Among the lines of the listing below, retype exactly those from the one containing "this 1920×1080 image." through the one containing "this 1500×1125 image.", both included. Do not include pictures.
### Raw data
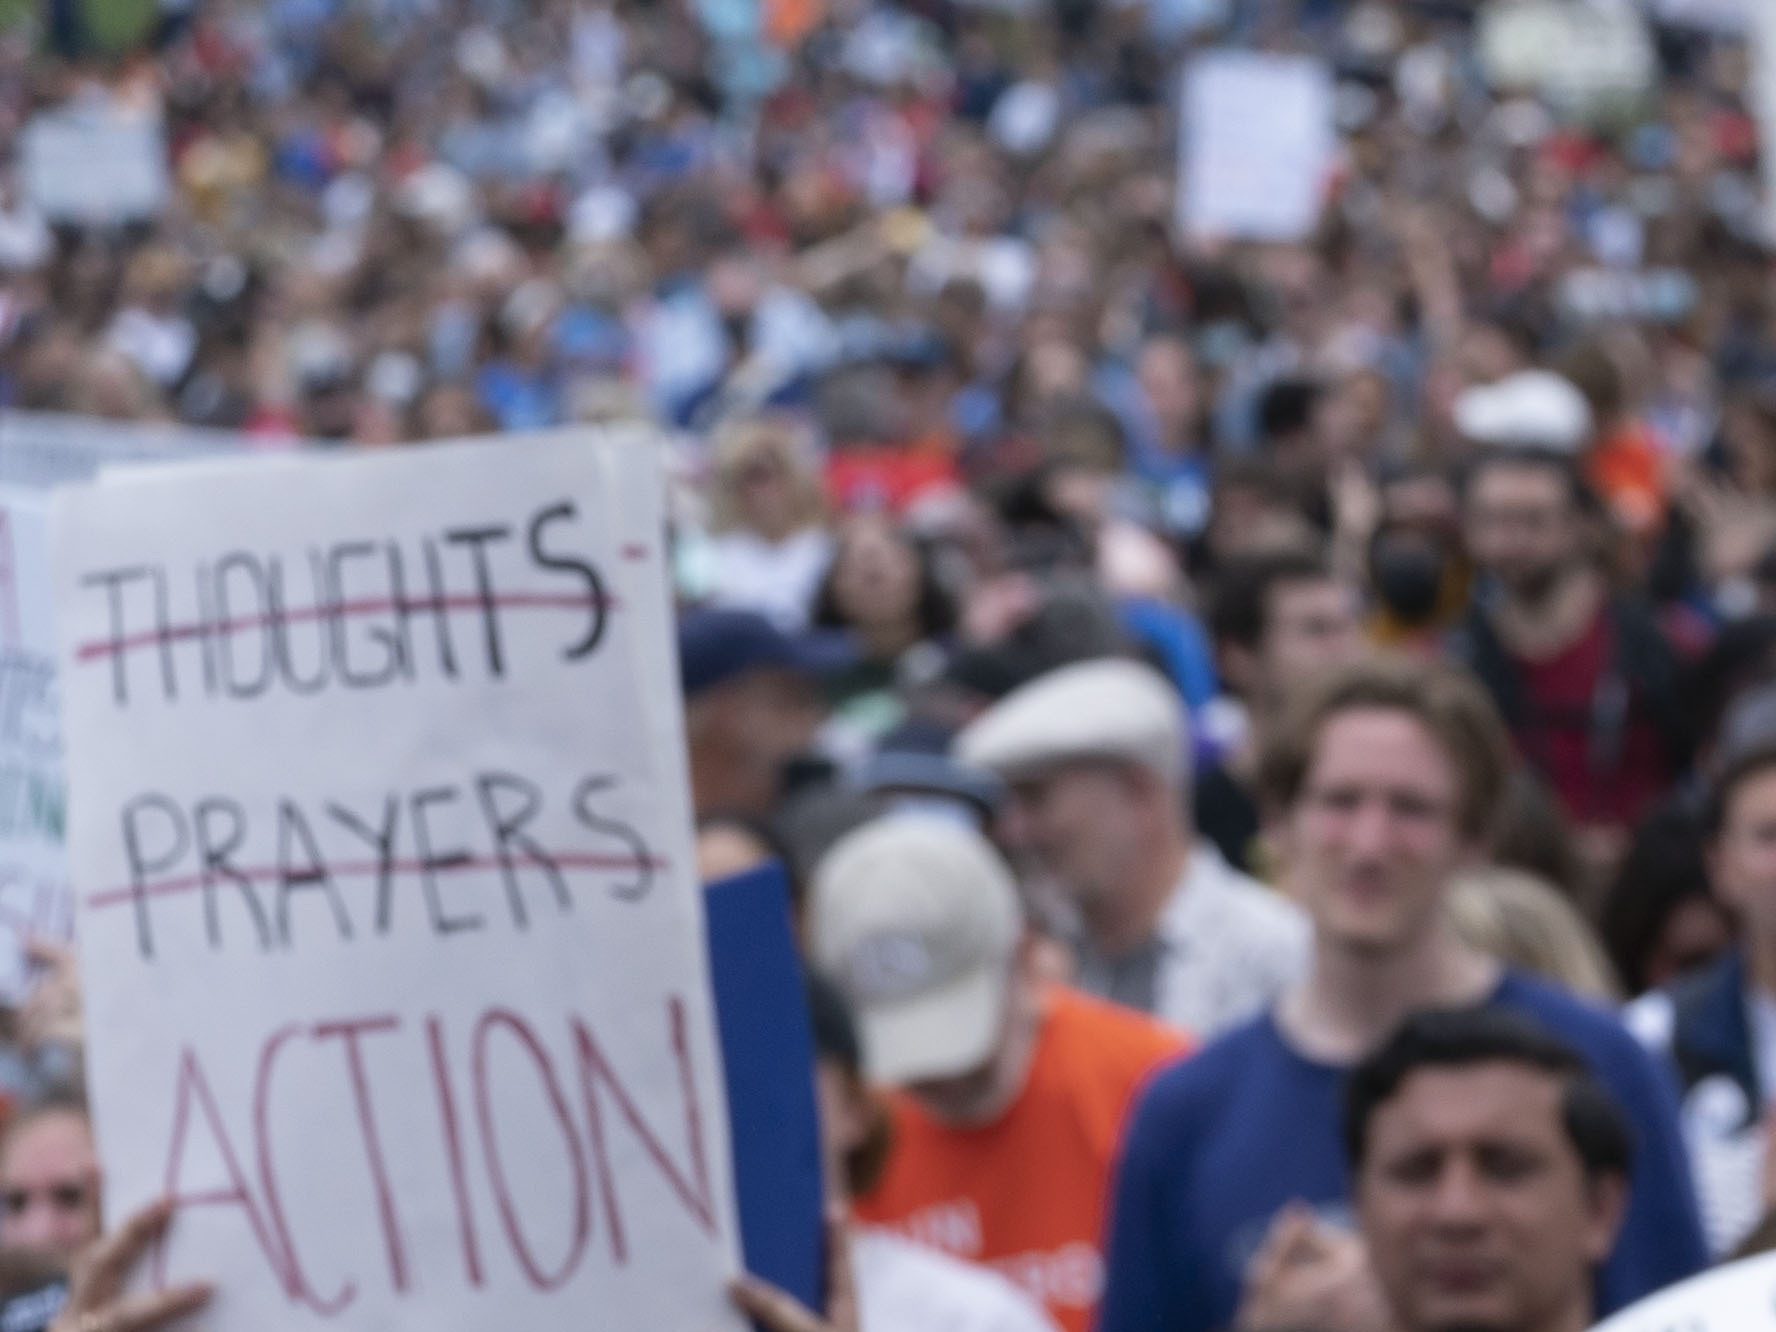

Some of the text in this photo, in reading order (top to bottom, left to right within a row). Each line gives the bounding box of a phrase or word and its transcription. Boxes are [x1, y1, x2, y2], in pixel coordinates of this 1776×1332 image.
######
### Raw data
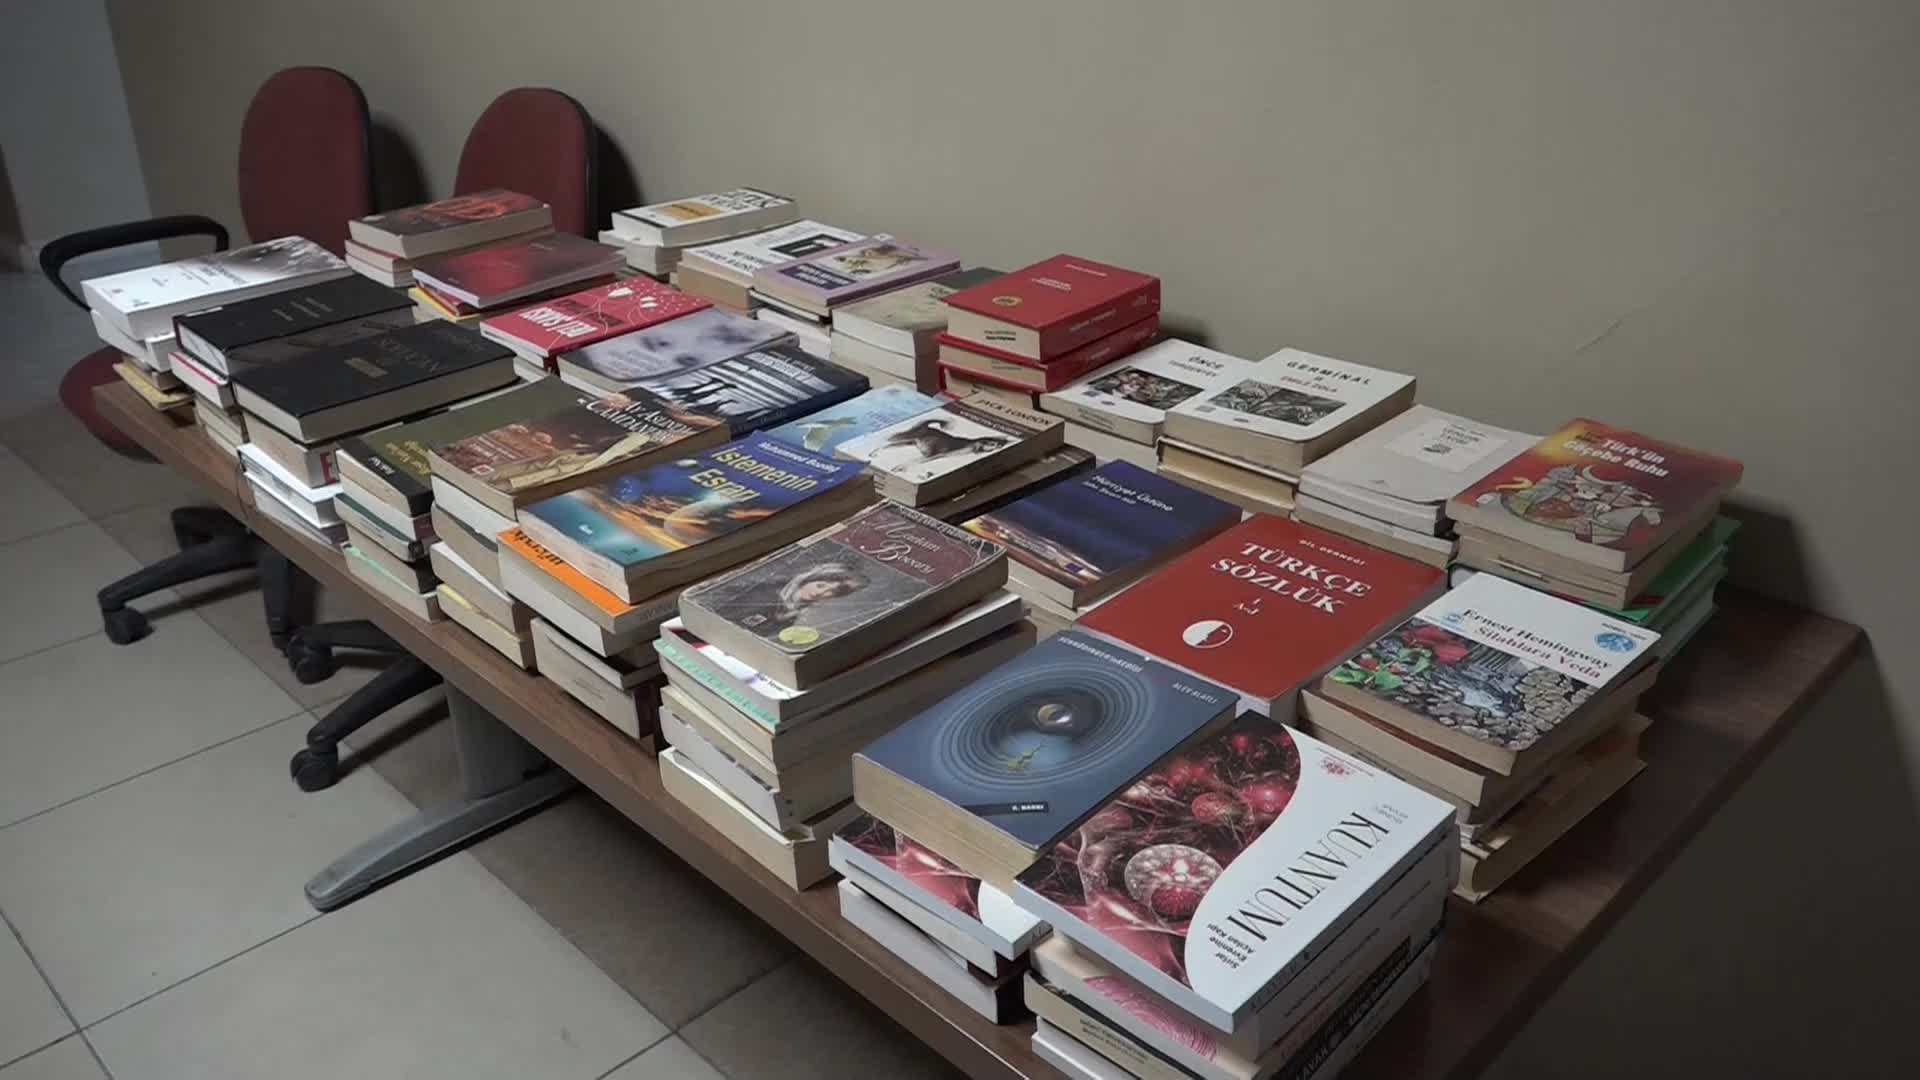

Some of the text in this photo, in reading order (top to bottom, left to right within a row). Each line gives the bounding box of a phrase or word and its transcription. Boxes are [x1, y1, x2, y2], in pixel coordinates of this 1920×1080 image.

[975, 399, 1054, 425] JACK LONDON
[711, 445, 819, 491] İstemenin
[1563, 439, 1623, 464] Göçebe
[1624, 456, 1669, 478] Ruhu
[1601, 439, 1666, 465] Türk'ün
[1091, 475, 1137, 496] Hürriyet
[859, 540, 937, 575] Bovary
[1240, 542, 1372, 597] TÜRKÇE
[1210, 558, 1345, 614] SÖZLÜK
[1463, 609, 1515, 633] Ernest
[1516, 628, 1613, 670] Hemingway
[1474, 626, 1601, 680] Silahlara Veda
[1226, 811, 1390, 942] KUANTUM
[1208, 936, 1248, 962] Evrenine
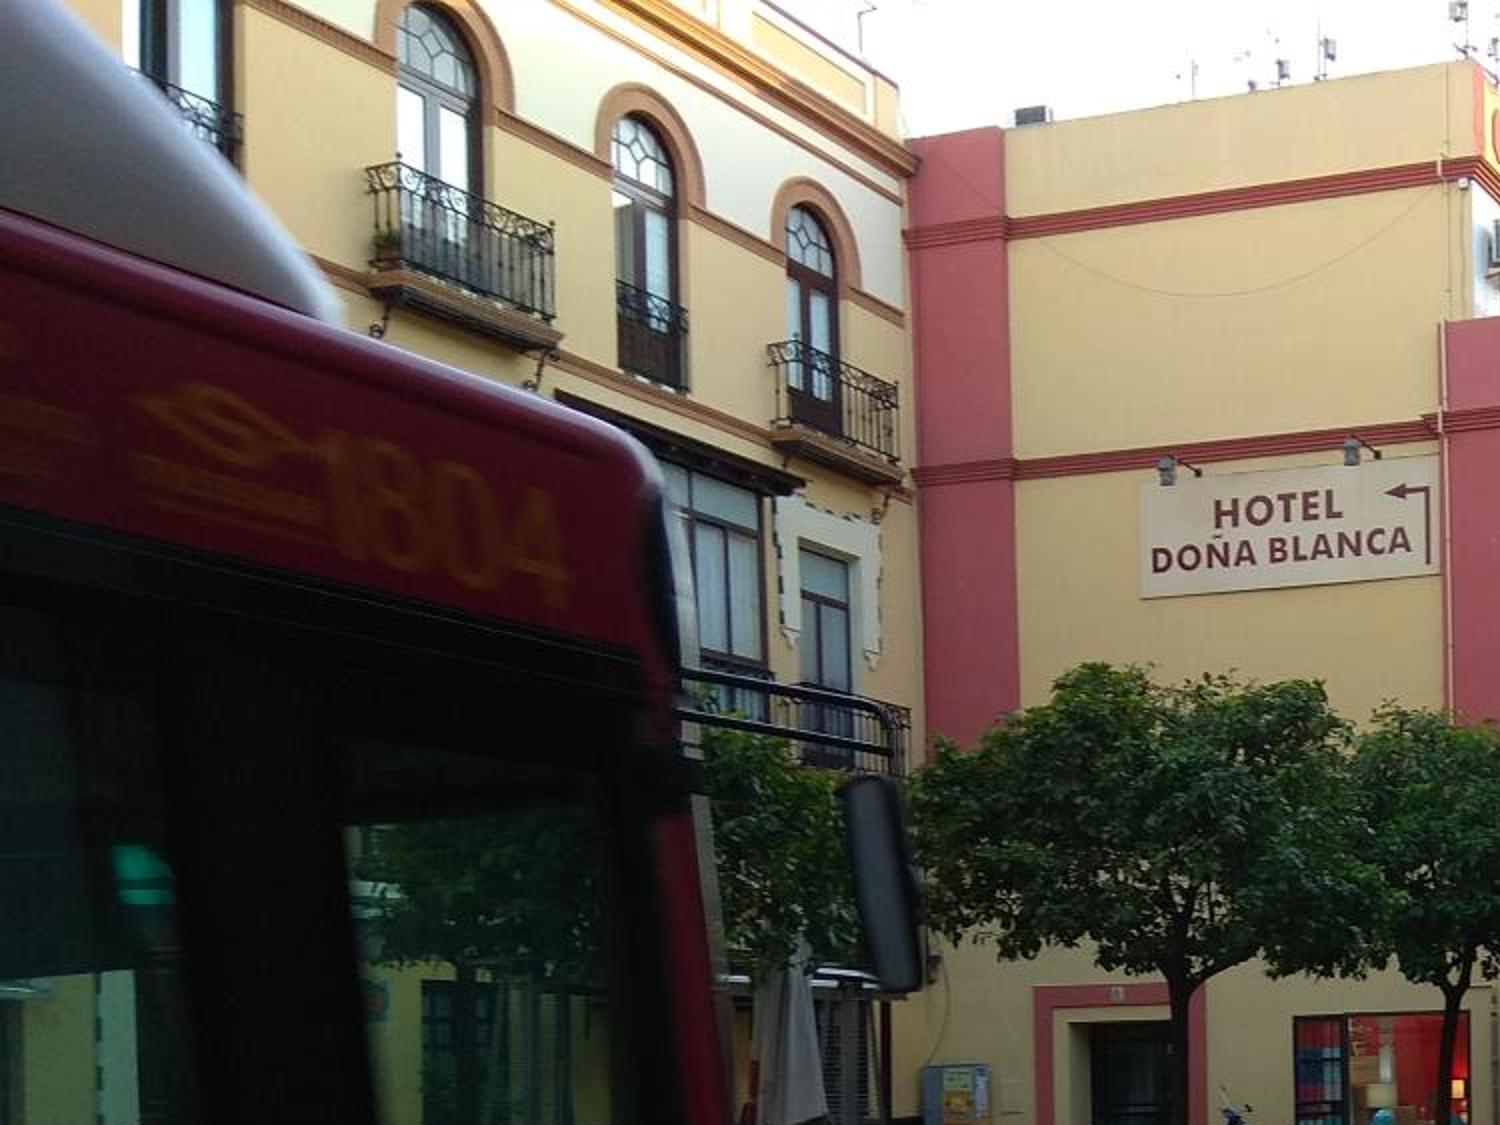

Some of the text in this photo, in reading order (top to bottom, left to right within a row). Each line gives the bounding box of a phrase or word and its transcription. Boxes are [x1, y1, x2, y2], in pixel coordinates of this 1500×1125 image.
######
## Reply to the exercise
Some of the text in this photo, in reading order (top to bottom, left to right within a row). Each line gives the bounding box of a phrase or word and its transcription. Boxes are [x1, y1, x2, y2], in pixel coordinates of this 1920×1080 image.

[975, 399, 1054, 425] JACK LONDON
[711, 445, 819, 491] İstemenin
[1563, 439, 1623, 464] Göçebe
[1624, 456, 1669, 478] Ruhu
[1601, 439, 1666, 465] Türk'ün
[1091, 475, 1137, 496] Hürriyet
[859, 540, 937, 575] Bovary
[1240, 542, 1372, 597] TÜRKÇE
[1210, 558, 1345, 614] SÖZLÜK
[1463, 609, 1515, 633] Ernest
[1516, 628, 1613, 670] Hemingway
[1474, 626, 1601, 680] Silahlara Veda
[1226, 811, 1390, 942] KUANTUM
[1208, 936, 1248, 962] Evrenine

Some of the text in this photo, in reading order (top to bottom, left to right within a row). Each line gives the bounding box of a phrase or word and its transcription. Boxes are [x1, y1, x2, y2], in pixel coordinates of this 1500×1125 image.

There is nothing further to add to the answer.